In previous studies on the influence of disc degeneration on segmental ROM, degenerative discs have been reported to experience instability initially and then become more stable in later stages [29, 22]. Other studies, however, have shown opposite results. For example, Nachemson et al. [23] found that segmental ROM was not related to the degree of degenerative change. Interestingly, while most studies suggesting a contribution of disc degeneration to biomechanical instability were performed on cadavers, most studies suggesting that there are no correlations between degenerative changes and segmental motion have been conducted utilizing in vivo radiographs, biomechanical study using follower load or kMRI [19, 24, 25].

The first important finding of our study was the difference in whole lumbar ROM between the normal group and the ML group. The normal group had a whole lumbar ROM of 41.3°, which was significantly more than the ROM of 25.1° seen in the L4–5 ML group and the ROM of 32.2° seen in the L5–S1 ML group. The mean age also differed significantly, implying that aging and local degenerative changes in the lumbar spine act together to decrease whole lumbar motion. These differences indicate that the lumbar spine does not inherently compensate for the lost ROM associated with degenerative changes with hypermobility of the adjacent segment, but rather reduced lumbar motion could be compensated by the segmental motion close to the thoracolumbar junction or ROM at the hip joints to produce the same amount of trunk motion.

Another interesting point is that the segment just superior and adjacent to the ML segment did not exhibit a significant increase in ROM. The L4–5 ML group and the normal group did not differ significantly in the contribution of L3–4 to lumbar motion of the whole spine and the absolute value for L3–4 ROM with L4–5 ML was actually smaller. Similarly, the ROM of the L4–5 segment in the L5–S1 ML group was not increased.
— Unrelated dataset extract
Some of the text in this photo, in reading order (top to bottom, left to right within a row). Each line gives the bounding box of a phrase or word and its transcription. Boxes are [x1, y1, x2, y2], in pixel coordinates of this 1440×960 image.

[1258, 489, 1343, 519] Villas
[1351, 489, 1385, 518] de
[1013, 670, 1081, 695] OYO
On the other hand, a comparison of L1–2 ROM in the ML group with the normal and MP groups revealed that ROM was increased in all cases of the ML group. This result suggests that the upper lumbar spine compensates for decreases in whole lumbar ROM, rather than simply the superior adjacent segments. This result might be contrary to the results of various existing biomechanical studies which showed increased segmental motion adjacent to motion-lost segment and their contribution of the development of adjacent segment disease [2628].
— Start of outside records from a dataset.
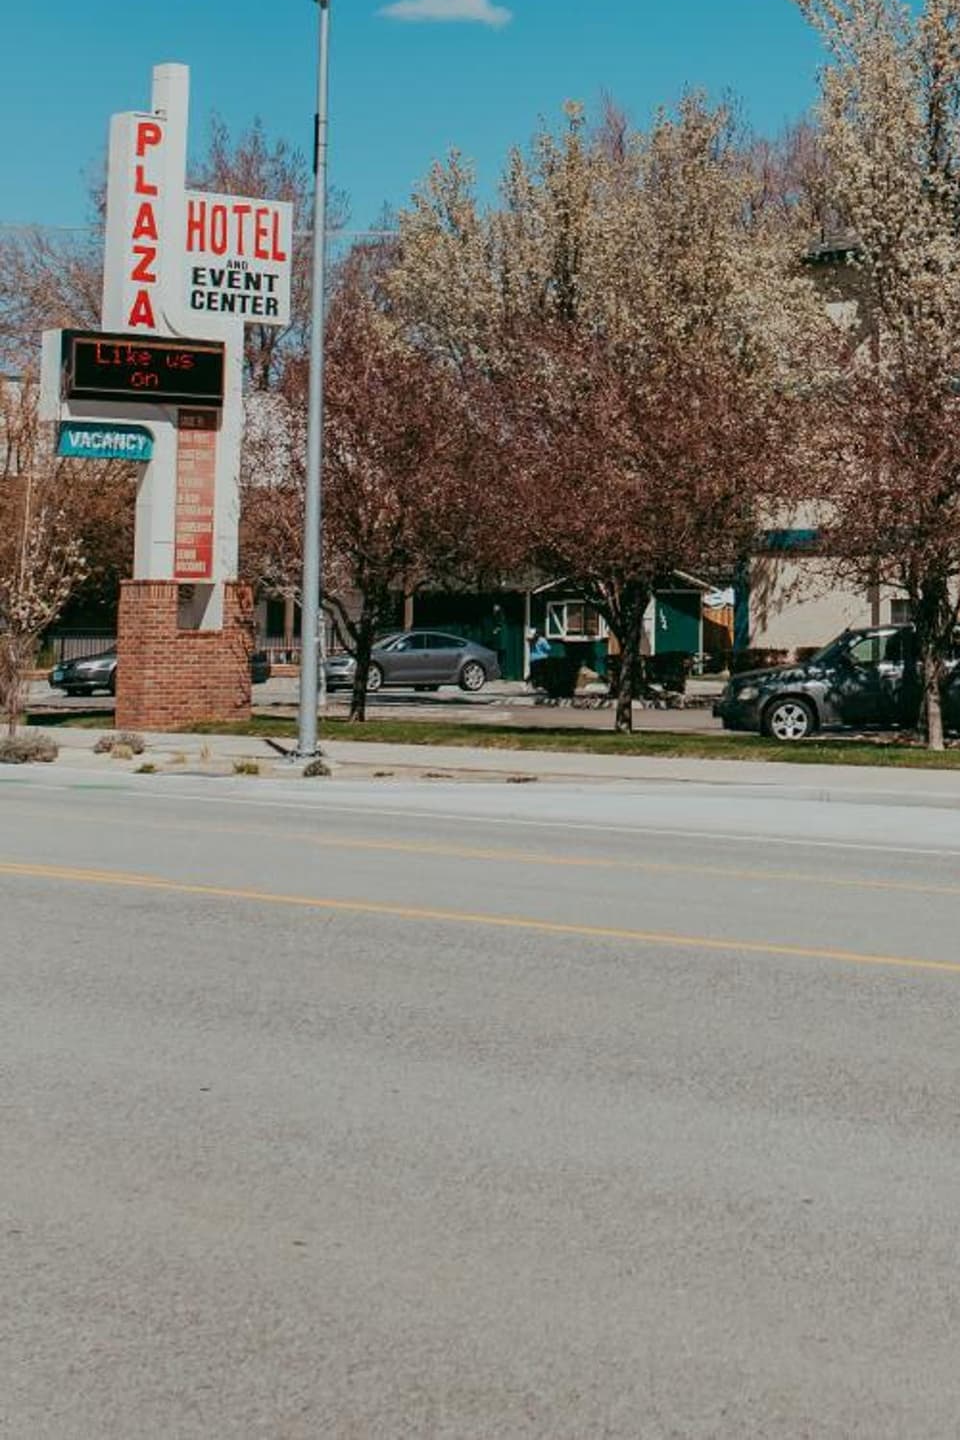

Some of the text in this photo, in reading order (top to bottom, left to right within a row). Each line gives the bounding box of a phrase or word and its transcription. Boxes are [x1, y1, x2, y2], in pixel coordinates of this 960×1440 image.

[128, 122, 162, 329] PLAZA
[186, 200, 286, 262] HOTEL
[226, 260, 249, 271] AND
[191, 266, 279, 292] EVENT
[190, 289, 278, 316] CENTER
[166, 353, 195, 369] us
[131, 371, 159, 387] on
[68, 430, 147, 451] VACANCY
Several limitations of this study should be noted. Although this study is the first to analyze the effects of the mobility of degenerated disc on the whole lumbar motion, there is no established criteria of ‘motion-lost’ segment. We used 5° of ROM to define the ML segment. This is a commonly used radiological criterion to assess lumbar fusion or progression of deformity; however, these results cannot be universally applied to cases where motion is lost as a result of surgical fusion. Secondly, we noted a significant age difference between the ML group and the other groups. Although it is not surprising that older individuals would have more advanced degeneration, we did not account for other degenerative findings such as facet degeneration or ligamentum flavum hypertrophy, which could also affect the lumbar motion segment. Nonetheless, these other degenerative findings often go hand in hand with disc degeneration and therefore are independent of age.

The result of the present study provides baseline information in understanding the characteristics of total lumbar motion based on segmental mobility of degenerated discs and should be considered when planning for lumbar fusion or motion-preserving surgery.

Conclusions

Unlike previous in vitro studies, degenerated lumbar discs did not show hypermobility within functional ROM. Loss of segmental ROM from advanced disc degeneration did not cause an increase in the ROM of the superior adjacent segment in vivo. When the LLS had motion-lost, advanced disc degeneration, whole lumbar motion was significantly decreased and compensatory increase in ROM was accomplished by the ULS.